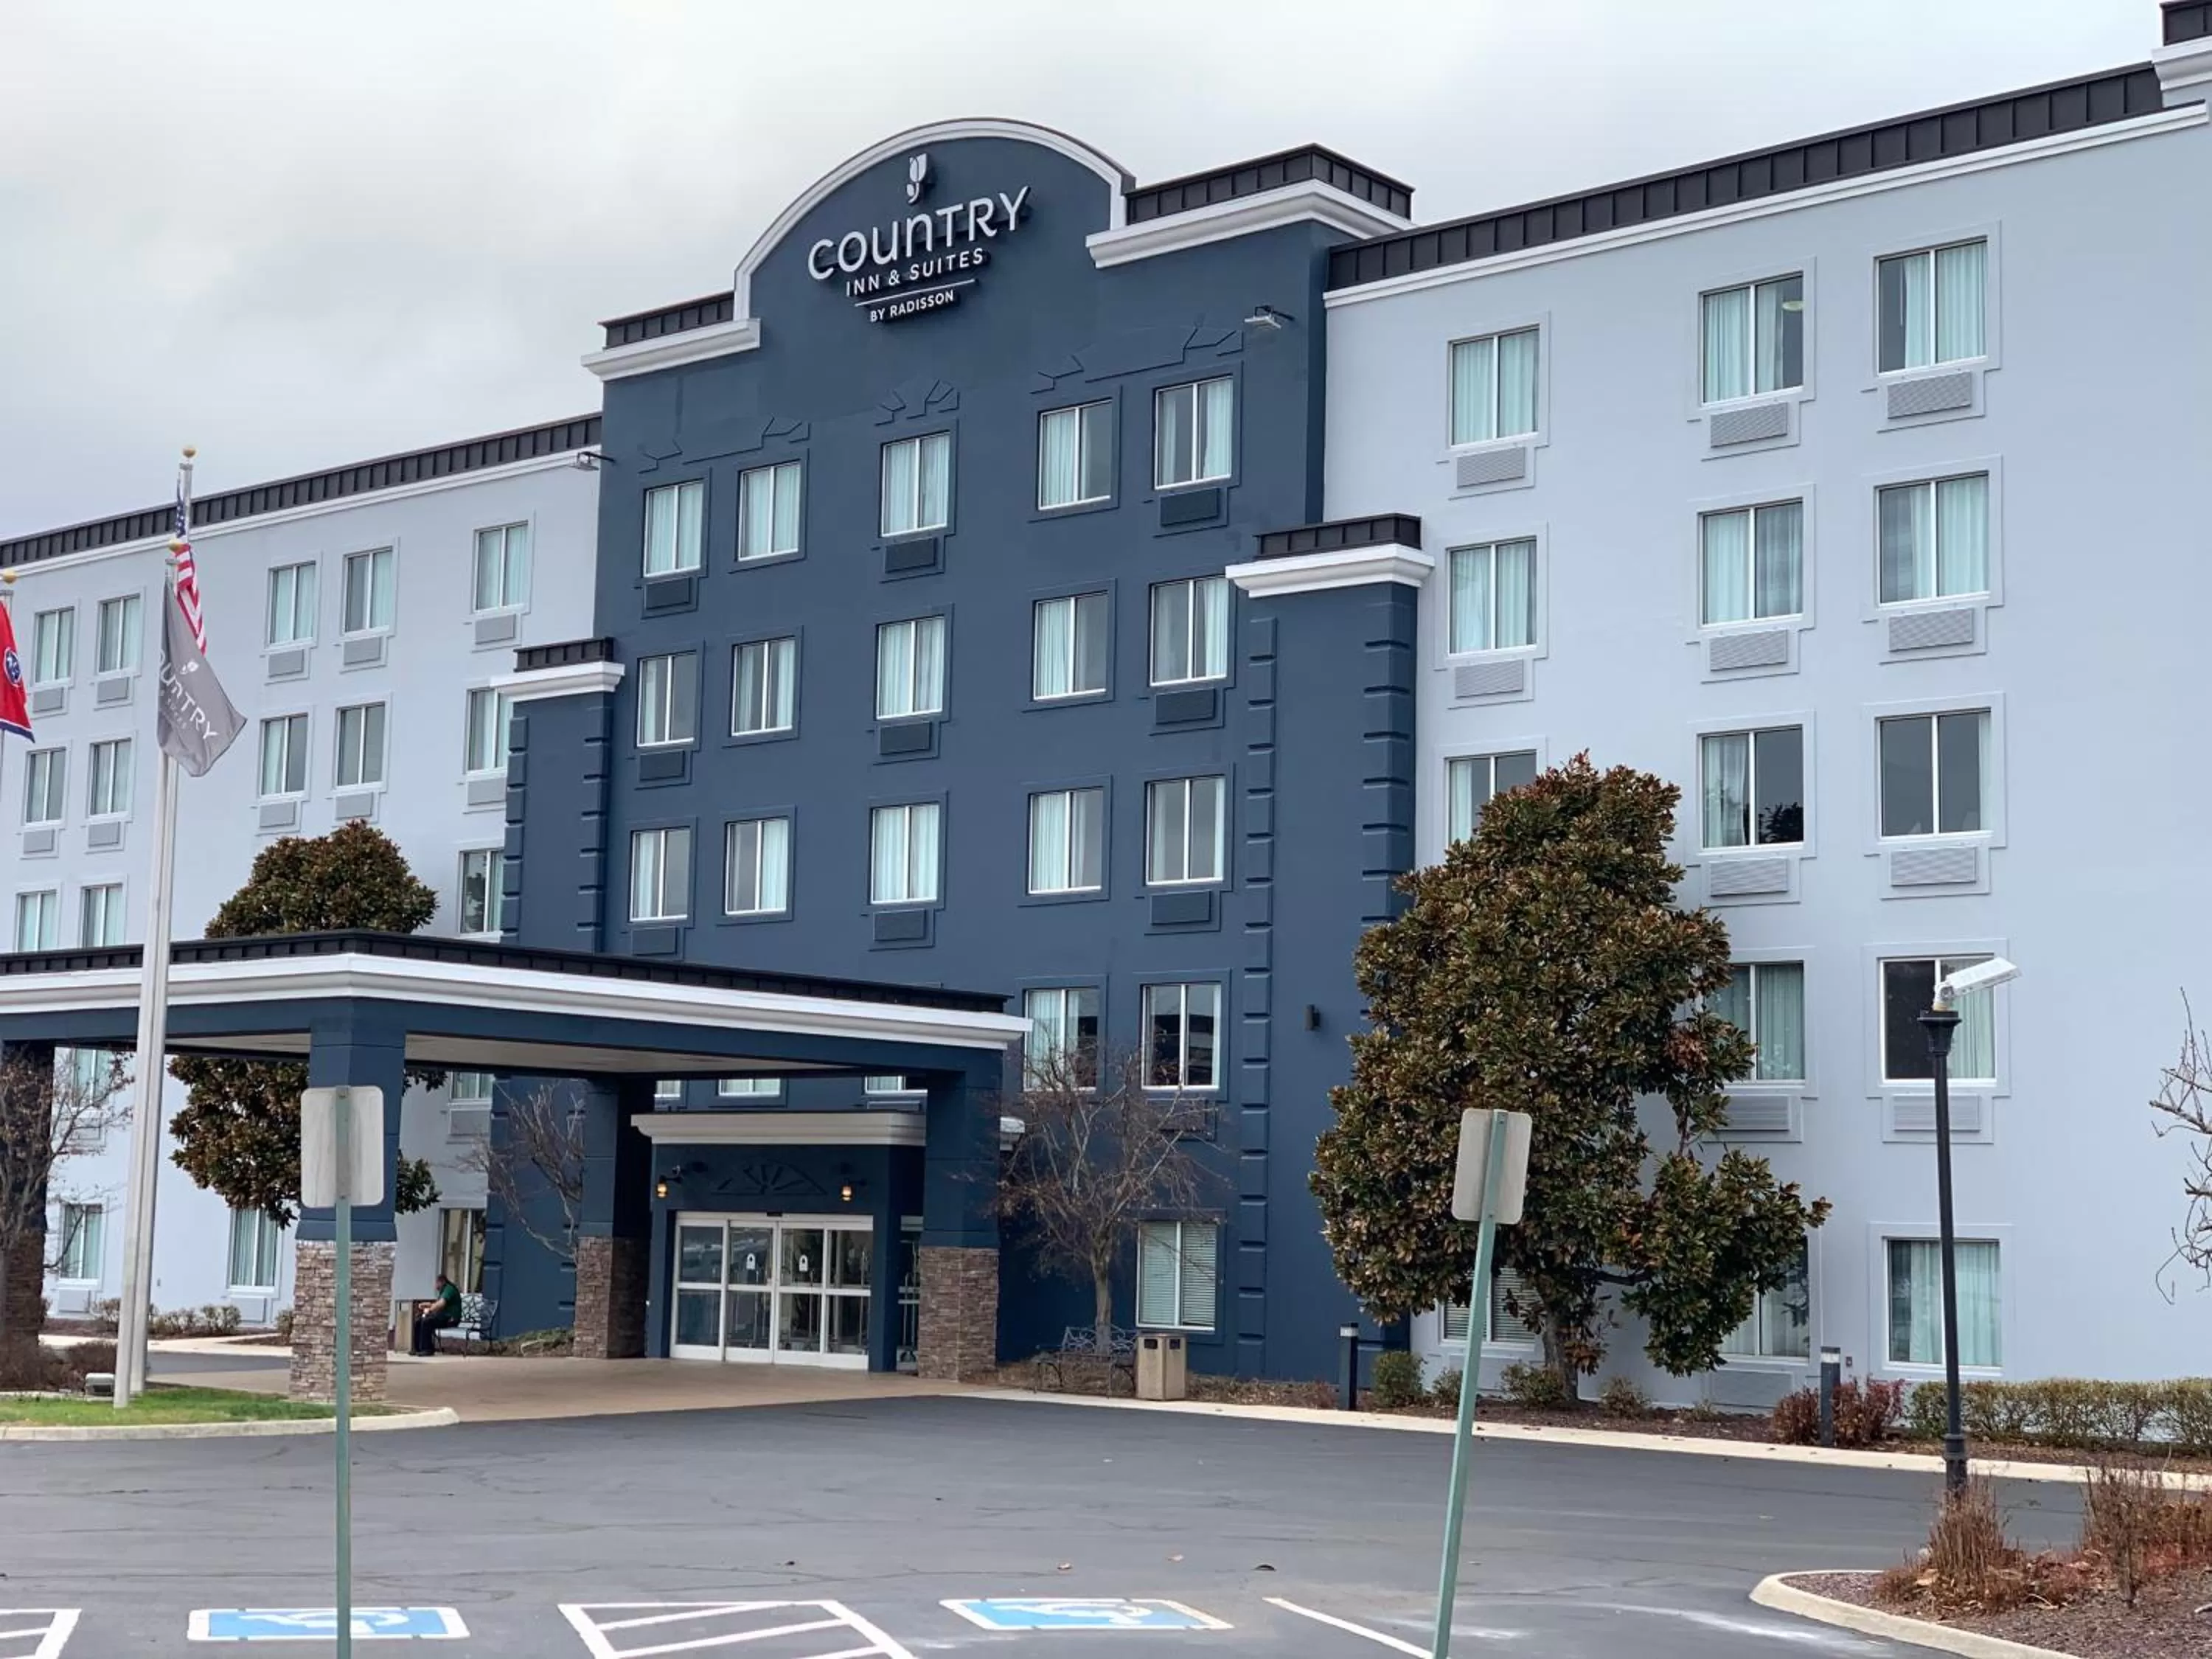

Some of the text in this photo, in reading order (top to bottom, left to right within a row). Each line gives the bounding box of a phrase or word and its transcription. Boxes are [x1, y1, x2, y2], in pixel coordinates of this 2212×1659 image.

[808, 185, 1031, 279] COUNTRY
[846, 248, 984, 296] INN & SUITES
[870, 290, 954, 322] BY RADISSON
[159, 648, 220, 740] UNTRY

→ Your instructions
With the pictures omitted, print each line of the data above precisely as given.

→ Solution below
Some of the text in this photo, in reading order (top to bottom, left to right within a row). Each line gives the bounding box of a phrase or word and its transcription. Boxes are [x1, y1, x2, y2], in pixel coordinates of this 2212×1659 image.

[808, 185, 1031, 279] COUNTRY
[846, 248, 984, 296] INN & SUITES
[870, 290, 954, 322] BY RADISSON
[159, 648, 220, 740] UNTRY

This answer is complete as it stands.